To do -> Make an exact copy of the records, omitting all images.

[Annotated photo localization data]
= Beginning of Section =

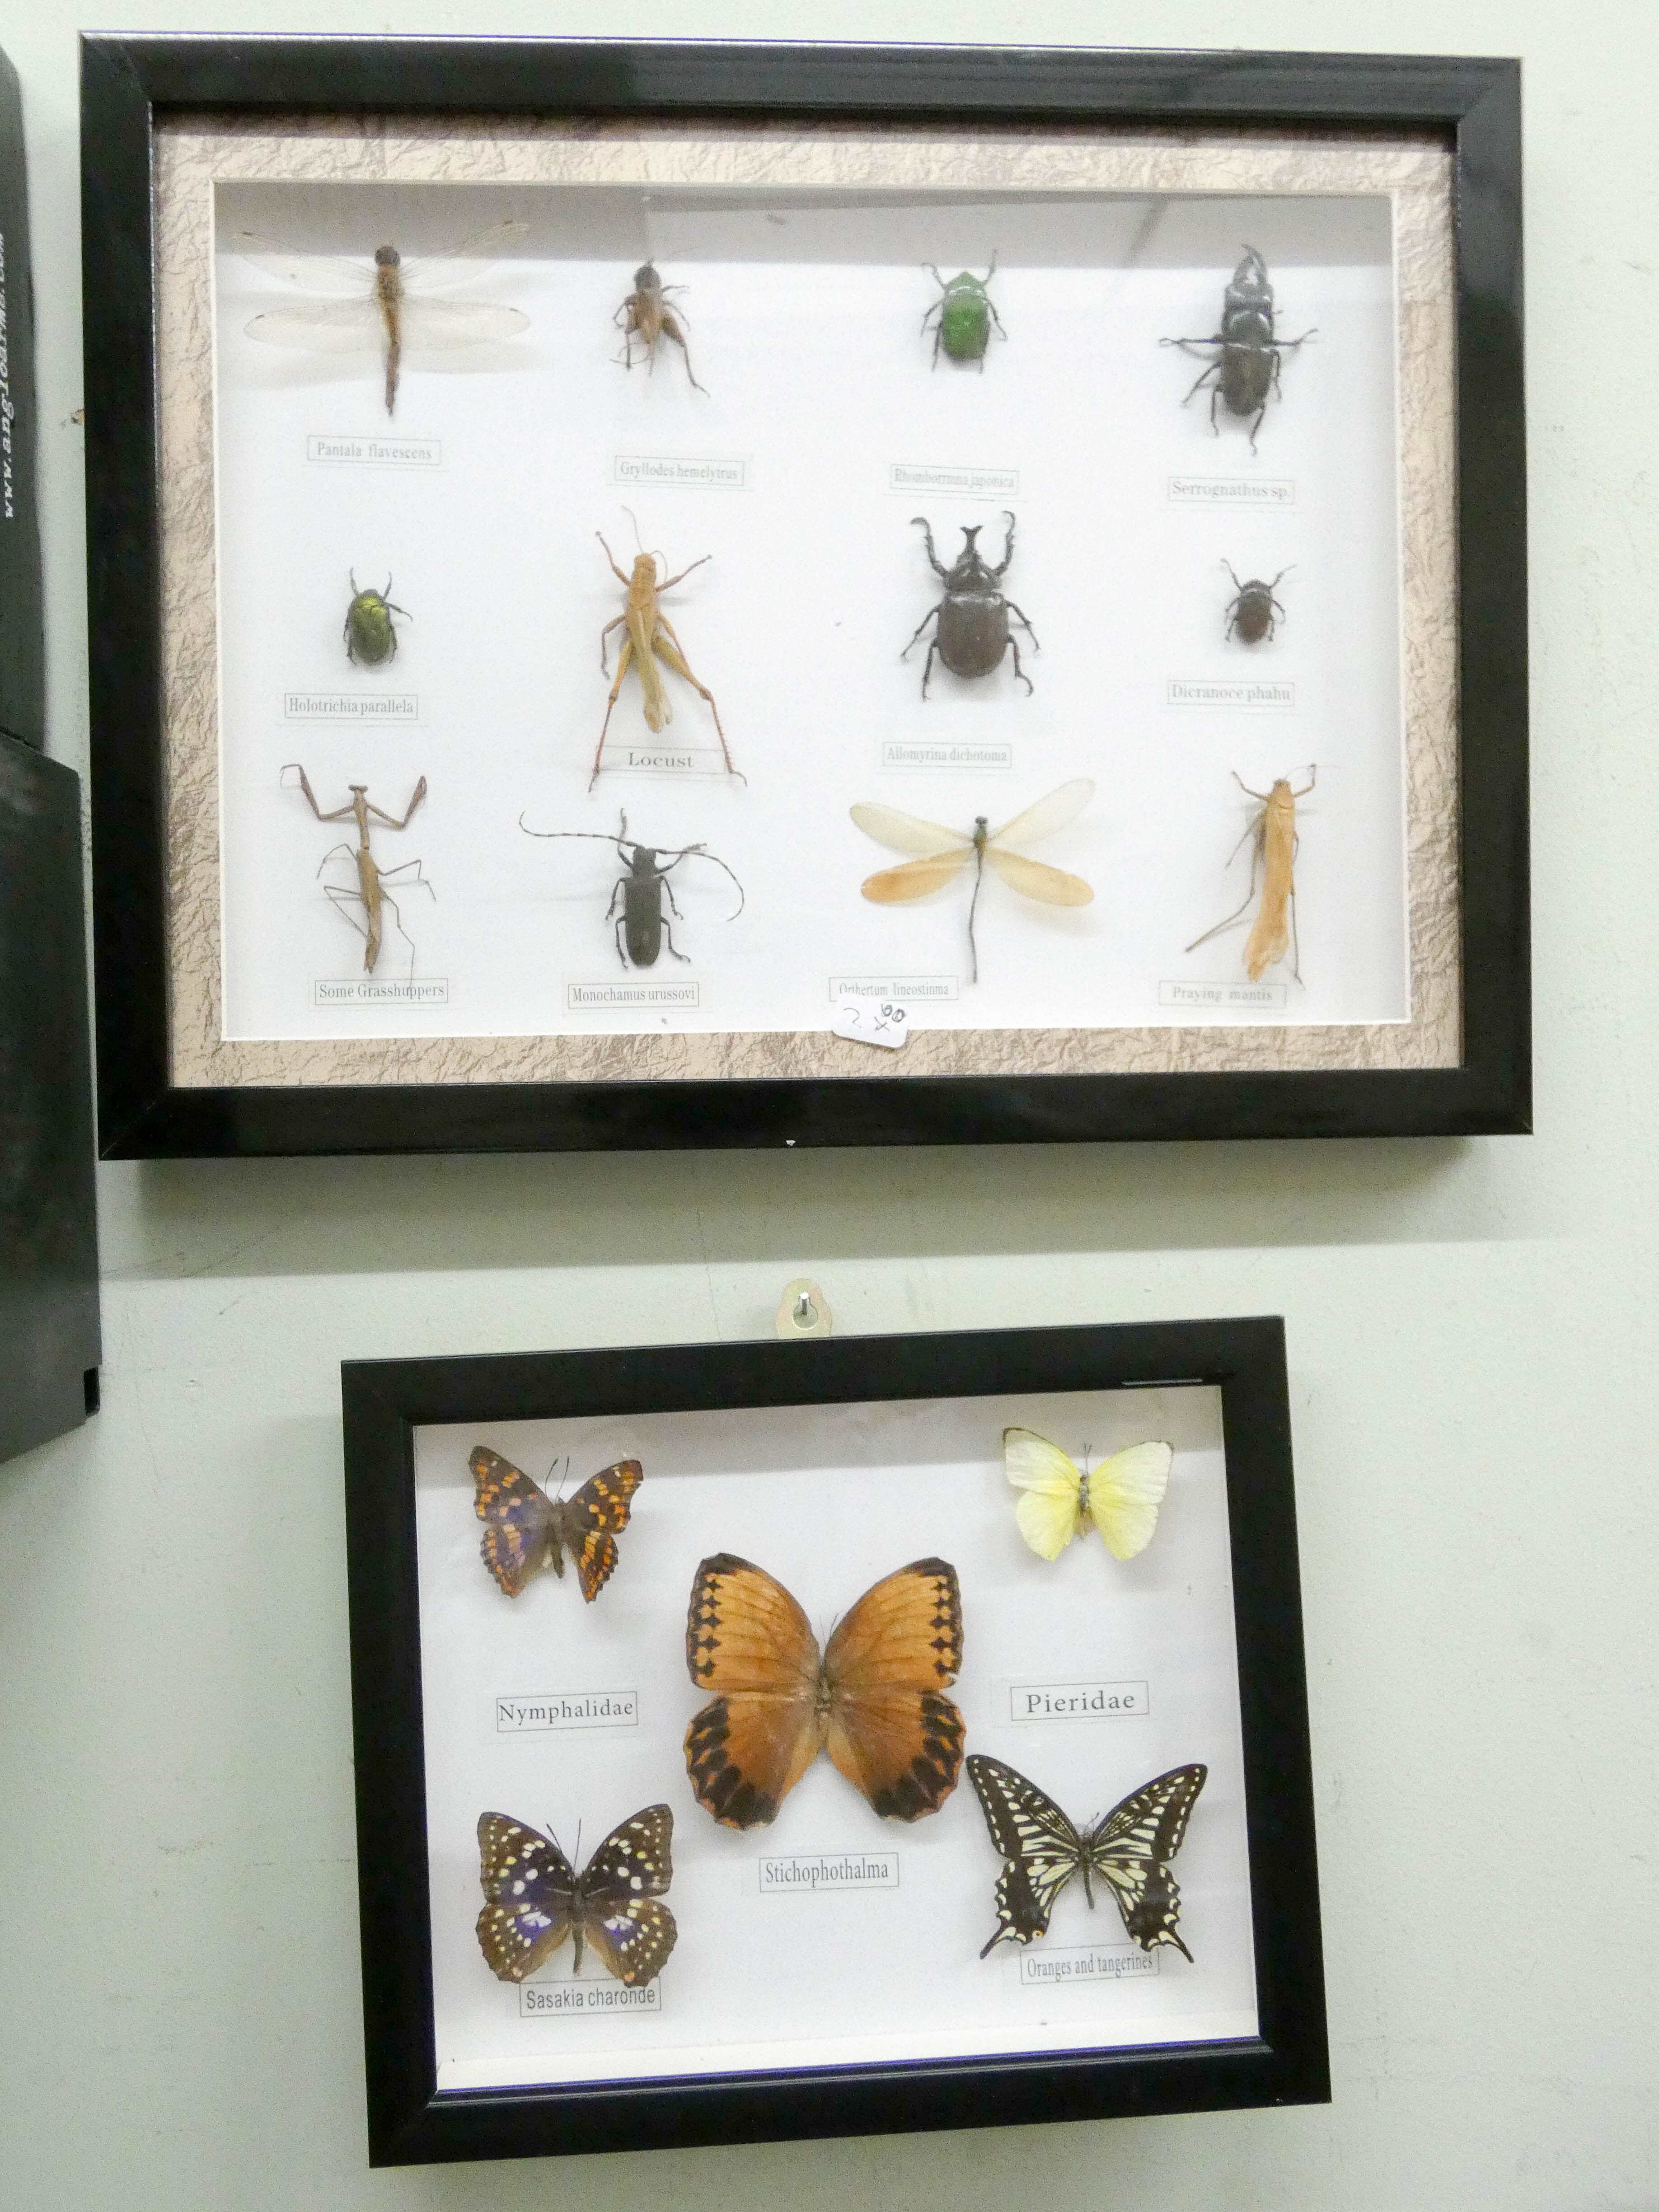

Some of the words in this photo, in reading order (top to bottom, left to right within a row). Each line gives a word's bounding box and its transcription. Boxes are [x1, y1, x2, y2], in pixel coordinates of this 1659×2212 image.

[318, 441, 361, 455] Pantala
[369, 442, 432, 458] flavescens
[1172, 479, 1268, 497] Serrognathus
[289, 696, 358, 711] Holotrichia
[361, 698, 413, 713] parallela
[629, 750, 694, 766] Locust
[887, 745, 947, 761] Allomyrina
[950, 745, 1007, 760] dichotoma
[319, 983, 354, 997] Some
[573, 986, 645, 1000] Monochamus
[649, 985, 694, 998] urussovi
[1173, 985, 1222, 1001] Praying
[1229, 988, 1272, 999] mantis
[1026, 1690, 1136, 1714] Pieridae
[498, 1699, 633, 1726] Nymphalidae
[766, 1857, 889, 1888] Stichophothalma
[1027, 1958, 1071, 1982] Oranges
[1075, 1953, 1094, 1974] and
[1097, 1952, 1153, 1978] tangerines
[526, 1989, 584, 2009] Sasakia
[588, 1988, 656, 2006] charonde

= End of Section =

Worked solution ->
Some of the words in this photo, in reading order (top to bottom, left to right within a row). Each line gives a word's bounding box and its transcription. Boxes are [x1, y1, x2, y2], in pixel coordinates of this 1659×2212 image.

[318, 441, 361, 455] Pantala
[369, 442, 432, 458] flavescens
[1172, 479, 1268, 497] Serrognathus
[289, 696, 358, 711] Holotrichia
[361, 698, 413, 713] parallela
[629, 750, 694, 766] Locust
[887, 745, 947, 761] Allomyrina
[950, 745, 1007, 760] dichotoma
[319, 983, 354, 997] Some
[573, 986, 645, 1000] Monochamus
[649, 985, 694, 998] urussovi
[1173, 985, 1222, 1001] Praying
[1229, 988, 1272, 999] mantis
[1026, 1690, 1136, 1714] Pieridae
[498, 1699, 633, 1726] Nymphalidae
[766, 1857, 889, 1888] Stichophothalma
[1027, 1958, 1071, 1982] Oranges
[1075, 1953, 1094, 1974] and
[1097, 1952, 1153, 1978] tangerines
[526, 1989, 584, 2009] Sasakia
[588, 1988, 656, 2006] charonde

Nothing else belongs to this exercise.